[cfe-dev] parallel C++

via cfe-dev cfe-dev at lists.llvm.org
Thu Nov 29 07:31:50 PST 2018


A "purer" object-oriented language would likely be a better starting point than C++, which is too much in thrall to its past.
--paulr

From: cfe-dev [mailto:cfe-dev-bounces at lists.llvm.org] On Behalf Of Edward Givelberg via cfe-dev
Sent: Wednesday, November 28, 2018 6:50 PM
To: oleg at cohesity.com
Cc: cfe-dev at lists.llvm.org
Subject: Re: [cfe-dev] parallel C++

Yes, I agree. The new language is what C++ should be, a parallel language,
and in my opinion what it will inevitably become with hardware evolution.

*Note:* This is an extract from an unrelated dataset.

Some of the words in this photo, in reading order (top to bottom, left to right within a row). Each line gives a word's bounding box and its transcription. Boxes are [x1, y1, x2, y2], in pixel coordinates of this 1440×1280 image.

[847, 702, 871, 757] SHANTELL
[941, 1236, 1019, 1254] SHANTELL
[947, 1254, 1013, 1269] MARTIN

On Wed, Nov 28, 2018 at 6:45 PM Oleg Smolsky <oleg at cohesity.com<mailto:oleg at cohesity.com>> wrote:

Ed, it sounds like you have an idea for a new language with a new execution model and a special object representation. I was merely trying to point out that these ideas have little to do with what C++ compilers do today.

Oleg.
On 2018-11-28 15:28, Edward Givelberg wrote:
Oleg,

May be I am misunderstanding what you're saying...
Since I am proposing a different framework for execution,
the architecture which has an abstract machine
and a memory model will have to change.
Since I'd like to have remote objects,
which are native to C++, unlike the existing objects, which are all local,
I am proposing this IOR layer. Access to objects will have to change.
An object access will not longer be a memory access, unless some
compiler optimization determines that the object is local.
So this probably means that it requires changes to the LLVM IR?
As I said, I don't know enough about the current LLVM architecture
to make a detailed plan, but I think it is an interesting problem.

Ed


On Wed, Nov 28, 2018 at 5:42 PM Oleg Smolsky <oleg at cohesity.com<mailto:oleg at cohesity.com>> wrote:
On 2018-11-28 13:14, Edward Givelberg via cfe-dev wrote:
>
> [...]
> Naively, it seems to me that LLVM is a sequential VM, so perhaps its
> architecture needs be extended.
> I am proposing an intermediate representation which encodes object
> operations,
> let's call it IOR. IOR is translated to interconnect hardware
> instructions, as well as LLVM's IR.
> I am proposing a dedicated back end to generate code for the
> interconnect fabric.

Edward, it sounds to me like you are trying to reinvent Smalltalk. Its
core is really about message passing and perhaps people have made
attempts to make it parallel already.

On a more serious and specific note, I think you are ignoring the
"abstract C machine" on which both C and C++ languages are built.
Fundamentally, objects are laid out in memory (let's ignore the stack
for now) and are built off primitive and user-defined types. These types
are known (and stable) throughout the compilation process of a single
program and so are the offsets of various fields that comprise the
objects. All these objects (and often their sub-objects) can be read and
written anywhere in a single-threaded program. Multi-threaded programs
must be data-race-free, but essentially follow the same model.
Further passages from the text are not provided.